Воспользовавшись краткой передышкой, полковник заглянул в комнату, где обнаружил в общем не внушавшее тревоги зрелище: опер сидел на табурете, скорчившись и шипя сквозь зубы от боли, а Уланов ловко бинтовал ему руку.

Судя по лицам обоих, особых трагедий ждать не следовало.

– Что там? – спросил полковник.

– Да так, – сказал Уланов, вывязывая узел. – Средний палец орлу пулей отсекло начисто – и только. Не переживай, Витек, будешь в столице девкам хвастать, как тебе пальчик злобный душман откусил…

– …птыть! – сдавленно прокряхтел раненый.

– Вот я и говорю, – ухмыльнулся Уланов. – Почетное ранение.

Все здесь было в порядке.

«Если разобраться, – мельком подумал полковник, прикрывая за собой дверь, – это как раз и есть форменное невезение. Когда все целы-невредимы, а одному одной-единственной пулей отрывает палец. Именно что невезение…»

Обитатель тайника смирнехонько лежал на полу лицом вверх – правда, «лицом» эту часть тела теперь можно было именовать с большой натяжкой, чьи-то пули припечатали так, что провести опознание по фейсу, пожалуй, не представляется возможным.

– Посмотрите лапу, – сказал полковник, присаживаясь на корточки.

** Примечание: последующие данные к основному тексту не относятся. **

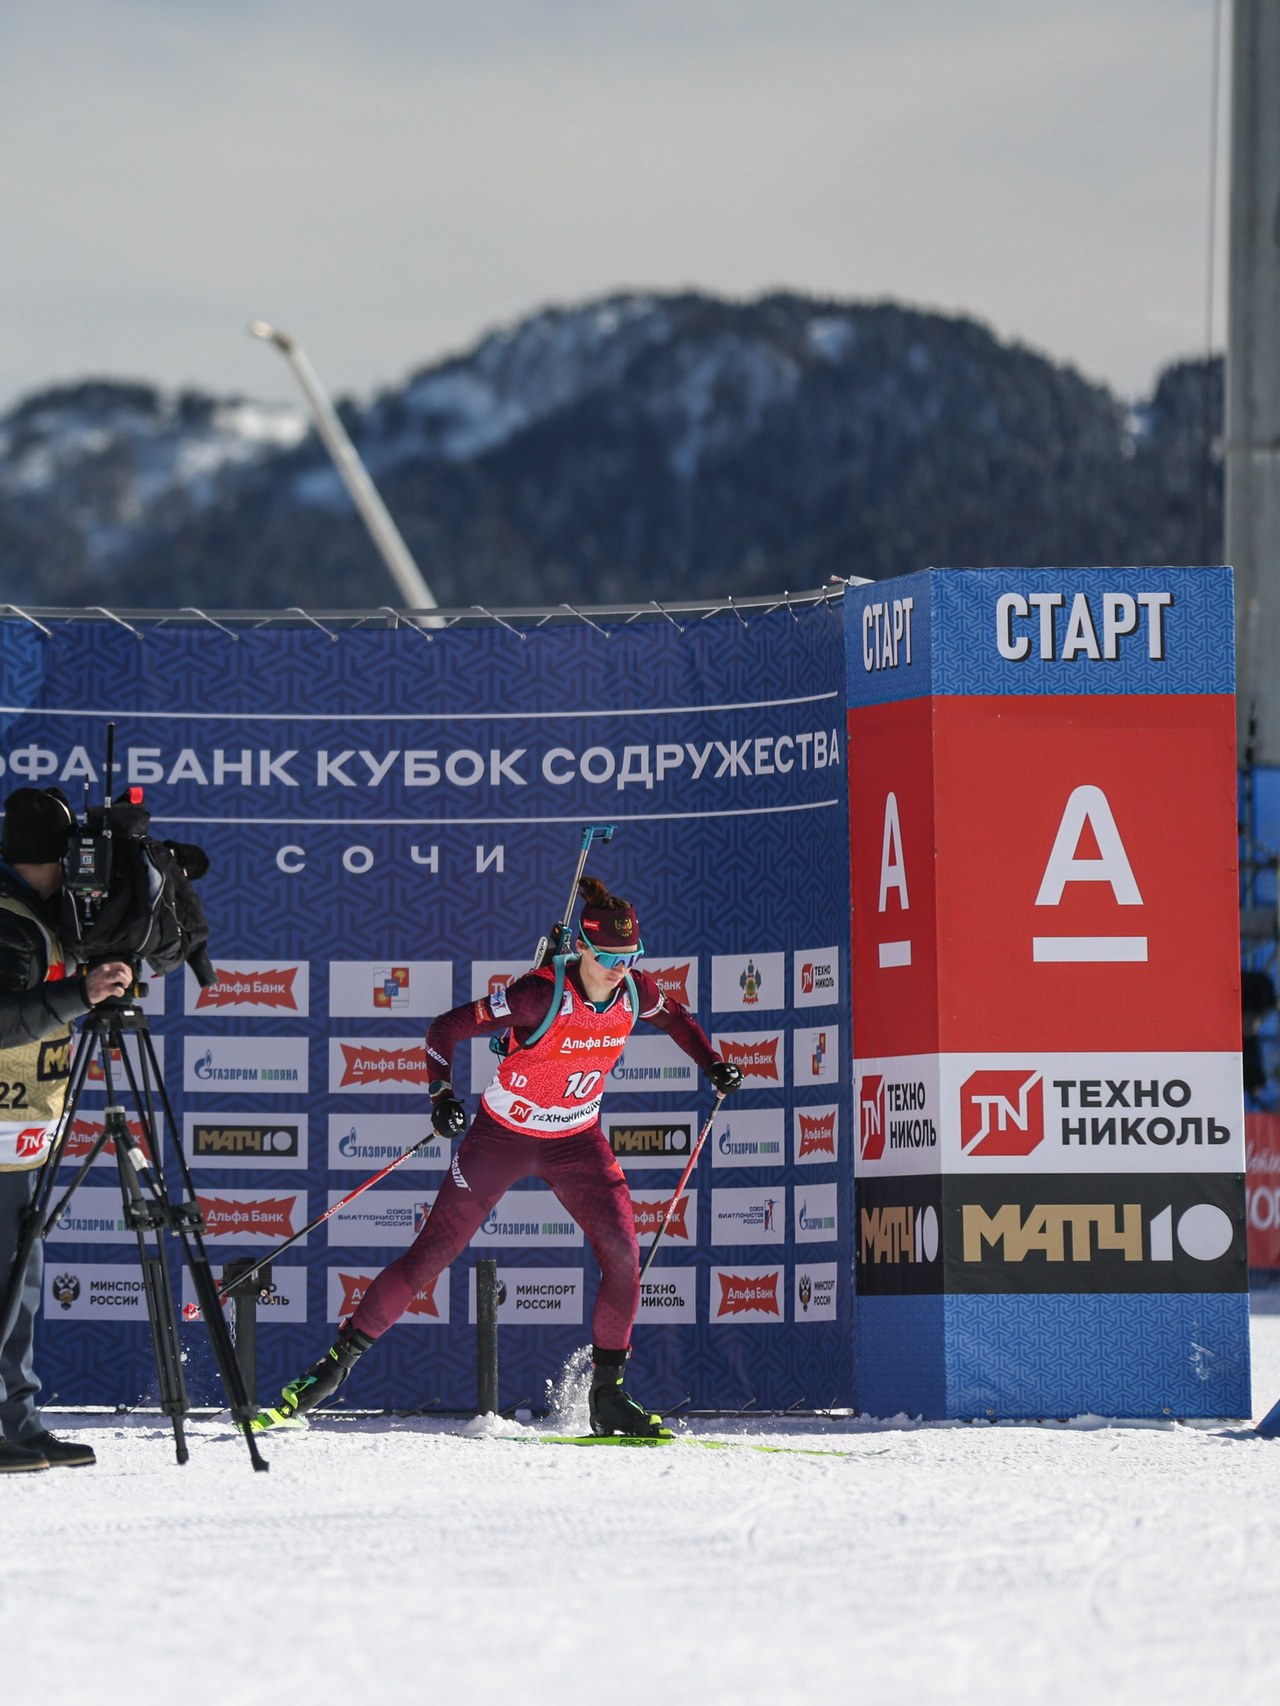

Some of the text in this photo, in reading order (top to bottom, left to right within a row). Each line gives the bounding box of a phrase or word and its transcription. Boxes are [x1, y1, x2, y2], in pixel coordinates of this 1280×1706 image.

[996, 592, 1172, 660] СТАРТ
[862, 597, 914, 672] СТАРТ
[317, 749, 528, 787] КУБОК
[542, 728, 840, 790] СОДРУЖЕСТВА
[815, 965, 831, 976] ТЕХНО
[209, 982, 285, 997] Альфа Банк
[657, 979, 682, 991] Банк
[562, 1036, 627, 1054] Альфа Банк
[353, 1058, 427, 1074] Альфа Банк
[728, 1052, 773, 1067] Альфа Банк
[212, 1069, 299, 1081] ГАЗПРОМ ПОЛЯНА
[509, 1071, 529, 1089] 10
[624, 1066, 691, 1080] ГАЗПРОМ ПОЛЯНА
[563, 1070, 602, 1099] 10
[888, 1082, 926, 1111] ТЕХНО
[1053, 1079, 1192, 1108] ТЕХНО
[532, 1100, 602, 1123] ТЕХНОНИКОЛЬ
[804, 1127, 832, 1144] Альфа Банк
[890, 1119, 937, 1149] НИКОЛЬ
[1061, 1117, 1231, 1146] НИКОЛЬ
[68, 1131, 109, 1147] Альф
[358, 1146, 402, 1158] ГАЗПРОМ
[731, 1142, 780, 1155] ГАЗПРОМ ПОЛЯНА
[206, 1210, 284, 1226] Альфа Банк
[657, 1211, 681, 1223] Бнк
[72, 1219, 114, 1232] ГАЗПРОМ
[498, 1223, 575, 1235] ГАЗПРОМ ПОЛЯНА
[91, 1281, 150, 1292] МИНСПОР
[516, 1285, 575, 1295] МИНСПОРТ
[640, 1285, 676, 1294] ТЕХНО
[814, 1280, 835, 1291] МИНСПОРТ
[90, 1296, 138, 1306] РОССИИ
[641, 1297, 685, 1307] НИКОЛЬ
[727, 1288, 774, 1304] Альфа Банк
[814, 1295, 831, 1306] РОССИИ
[516, 1299, 561, 1310] РОССИИ
[620, 1438, 658, 1446] FISCHER

Его поняли прекрасно: многие из тех, кто числился в розыске, обладали приметами, не позволявшими их перепутать или не опознать. Кончиком ножа Доронин моментально распорол левый рукав полосатой рубашки, без малейшей брезгливости стряхнул лоскуты. Чуть пониже плеча обнаружилась мастерская наколка: купол какой-то мечети, обрамленный затейливым восточным узором, арабская вязь…

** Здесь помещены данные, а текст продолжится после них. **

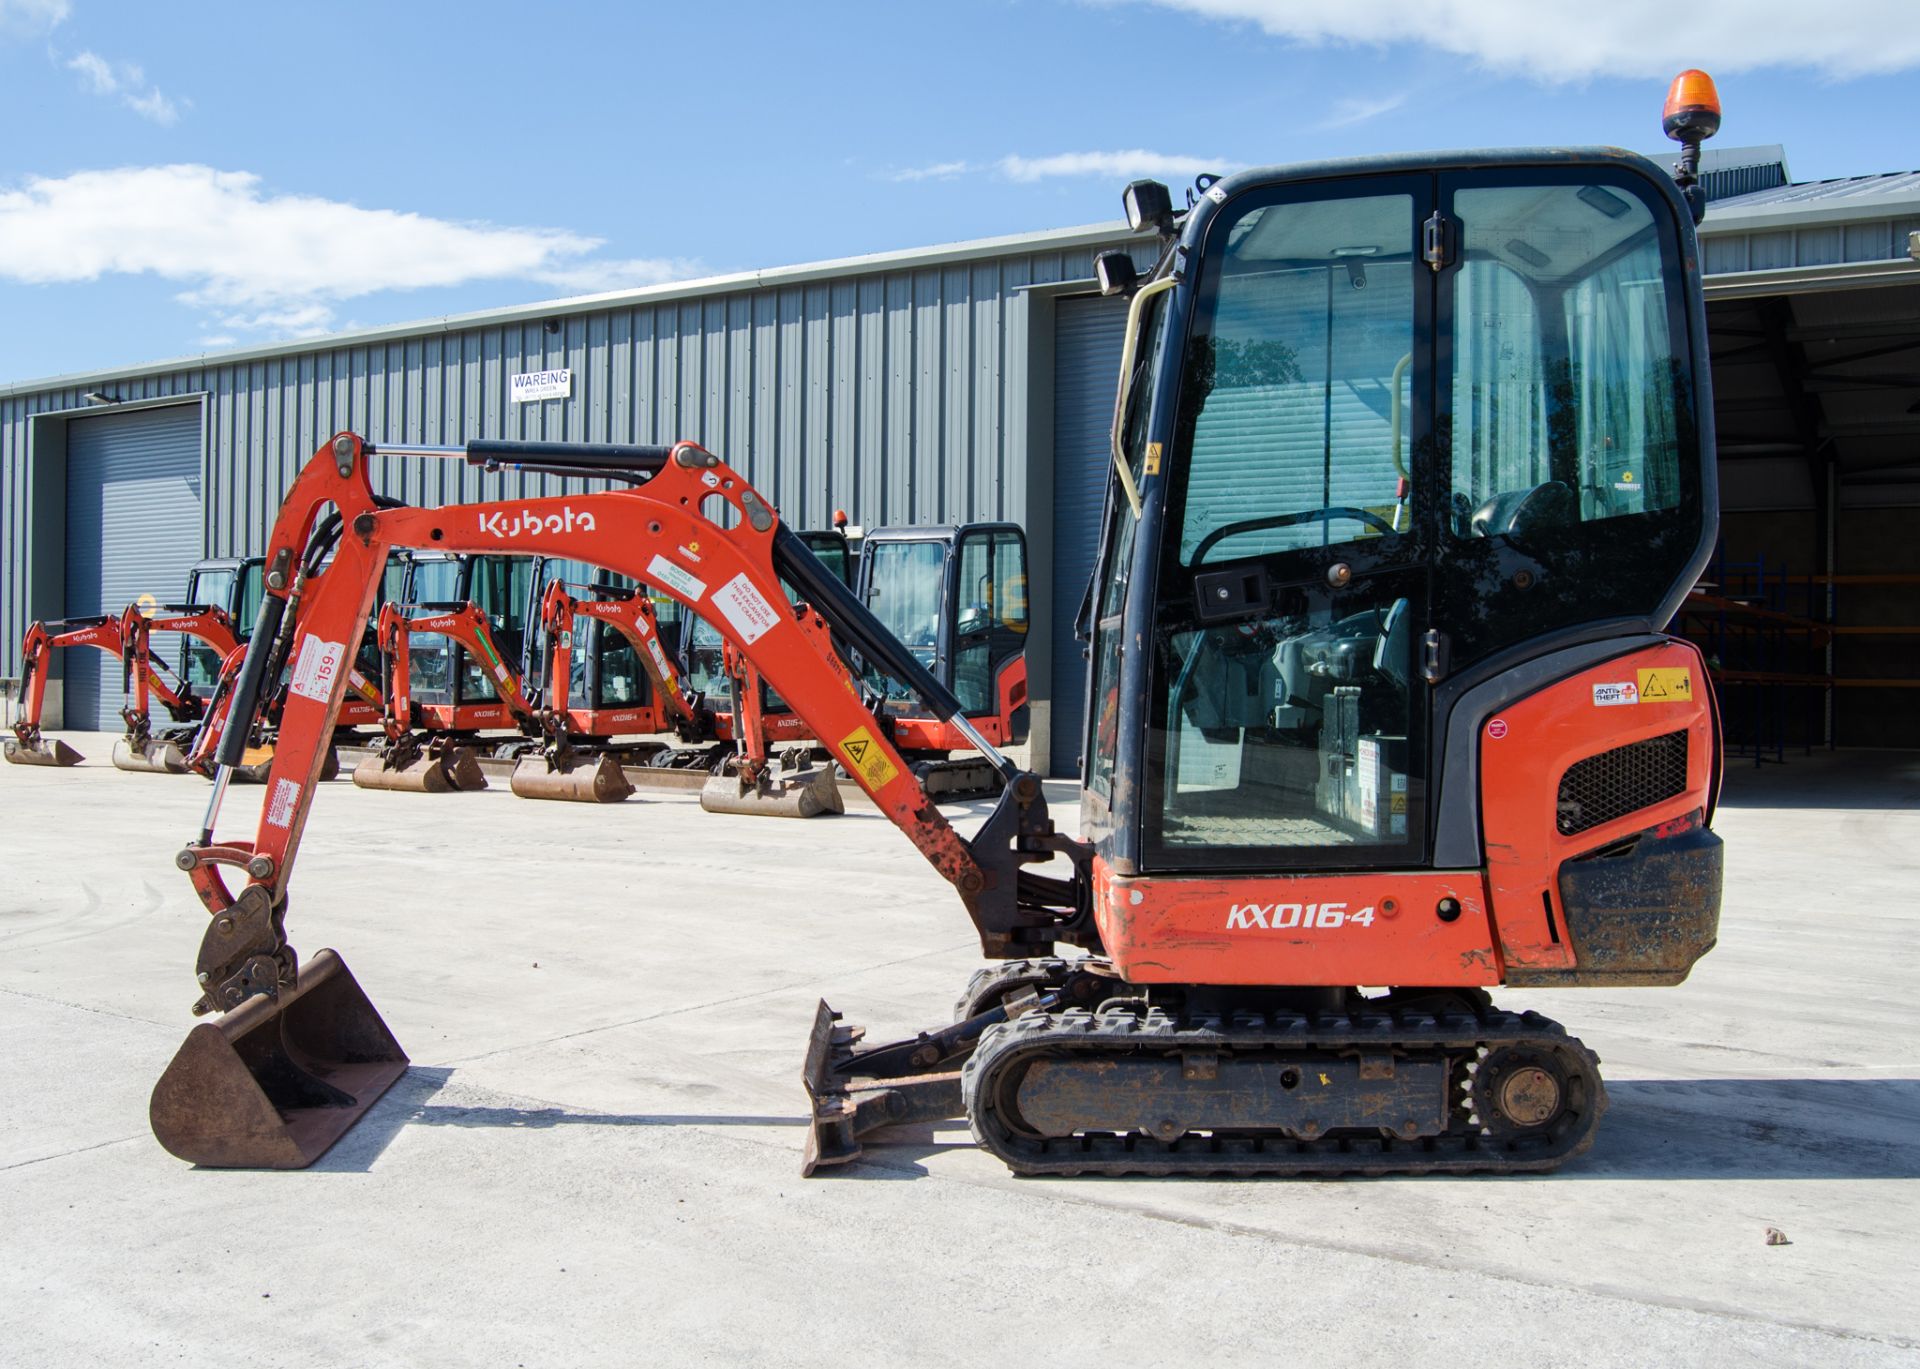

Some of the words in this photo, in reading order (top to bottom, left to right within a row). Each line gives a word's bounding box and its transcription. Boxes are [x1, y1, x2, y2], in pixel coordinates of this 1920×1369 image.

– Камаль, – убежденно обронил Доронин.

– Камаль, – кивнул полковник. – Посмотрите-ка там, живенько…

Внутреннее пространство под лестницей осветили – ага, толстенная полевая сумка, туго набитая, пластиковый пакет, в котором шуршат бумаги. Покойный был, если можно так выразиться, скорее штабистом, чем диверсантом, а потому держал при себе немало интересных бумаг. Жаль, что не удалось сграбастать живым – поди возьми в таких условиях, – но камалевский архив сам по себе вещь интересная.

Рахманин вышел во двор, еще издали махнул рукой:

– Упакуйте болезного!

Лямин с превеликой охотой отцепил с пояса наручники и подтолкнул хозяина в спину:

– Руки назад!

Тот подчинился, но глазами сверкнул уже с неприкрытой враждебностью, процедил:

– Кишки б вам на забор…

– Ничего, – сказал полковник почти весело. – Ты у меня еще петь будешь как птичка соловей, длинно и старательно… Леха, вызывай штаб и докладывай все как есть.

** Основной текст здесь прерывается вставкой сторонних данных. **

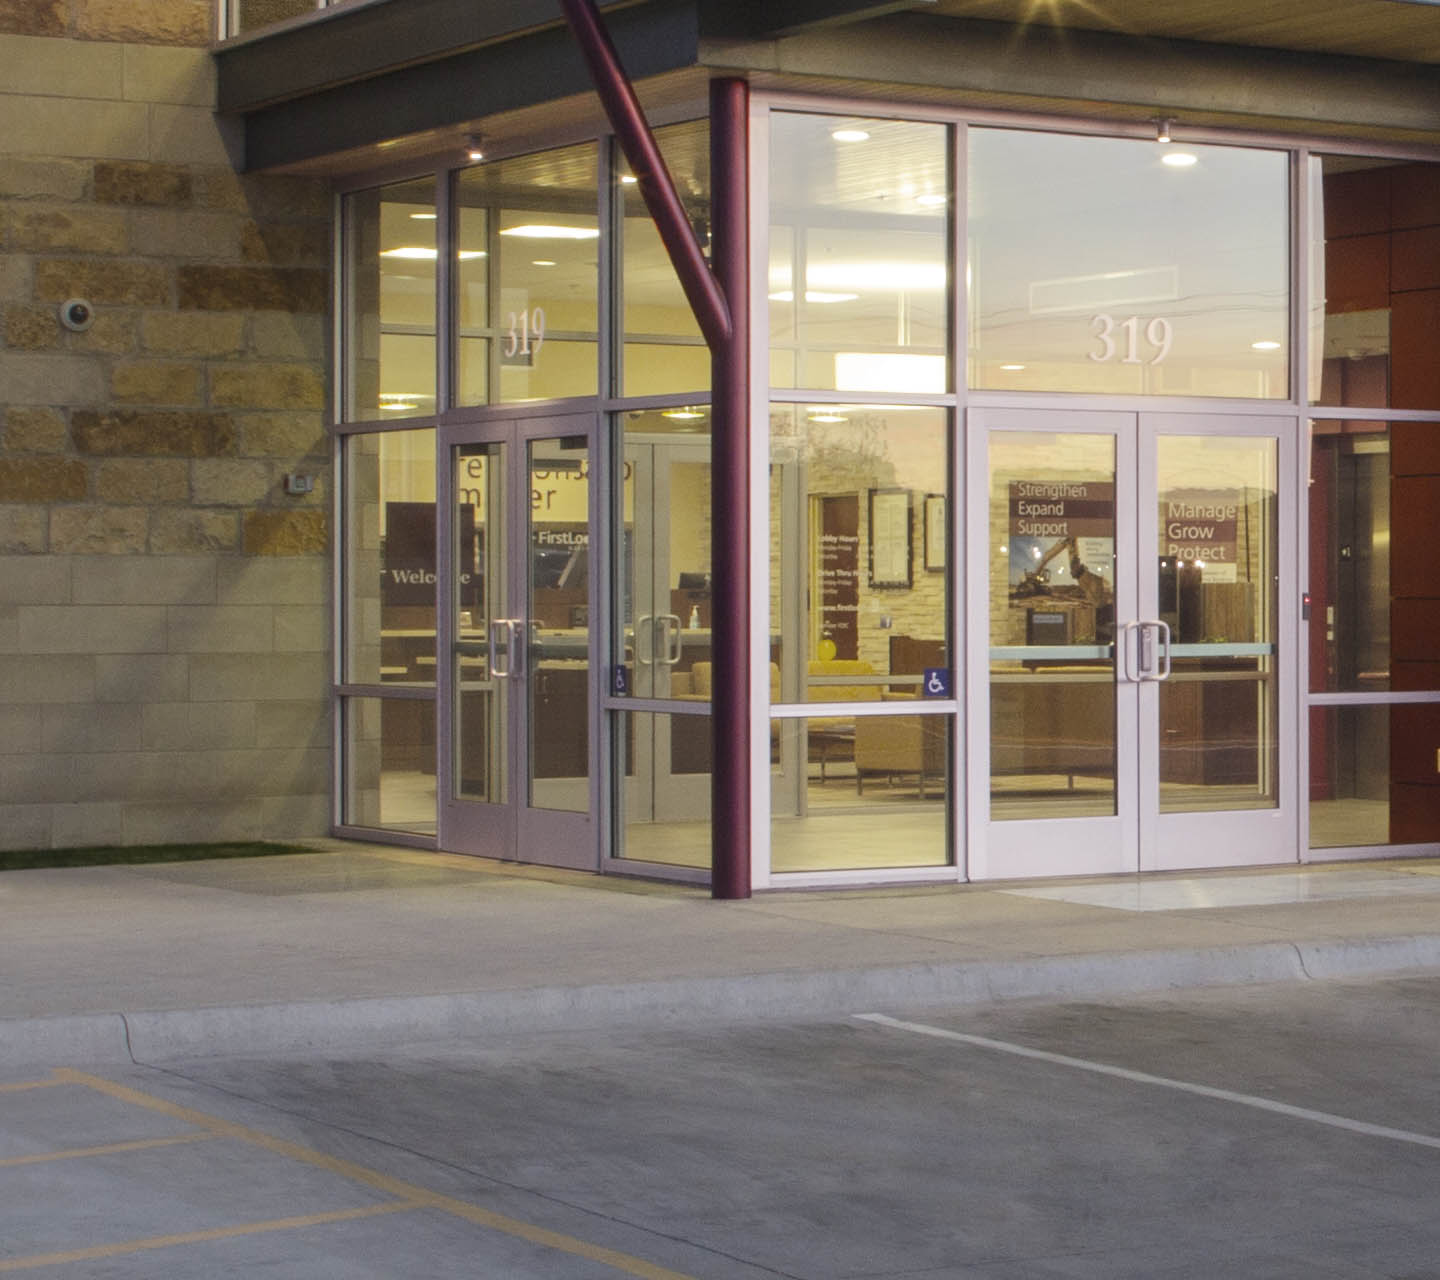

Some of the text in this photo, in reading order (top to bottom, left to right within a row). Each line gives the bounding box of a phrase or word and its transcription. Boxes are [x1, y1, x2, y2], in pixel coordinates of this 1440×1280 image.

За несколько дней перед этим Лермонтов с кем-то из товарищей посетил известную тогда в Петербурге ворожею, жившую у Пяти Углов и предсказавшую смерть Пушкина от «белого человека», звали ее Александра Филипповна, почему она и носила прозвище «Александра Македонского», после чьей-то неудачной остроты, сопоставившей ее с Александром, сыном Филиппа Македонского. Лермонтов, выслушав, что гадальщица сказала его товарищу, со своей стороны спросил: будет ли он выпущен в отставку и останется ли в Петербурге? В ответ он услышал, что в Петербурге ему вообще больше не бывать, не бывать и отставки от службы, а что ожидает его другая отставка, «после коей уже ни о чем просить не станешь». Лермонтов этому очень смеялся, тем более что вечером того же дня получил отсрочку отпуска и опять возмечтал о вероятии отставки. «Уж если дают отсрочку за отсрочкой, то и совсем выпустят», – говорил он. Но когда неожиданно пришел приказ поэту ехать, он был сильно поражен. Припомнилось ему предсказание. Грустное настроение стало еще заметнее, когда после прощального ужина Лермонтов уронил кольцо, взятое у Соф. Ник. Карамзиной, и, несмотря на поиски всего общества, из которого многие слышали, как оно катилось по паркету, его найти не удалось.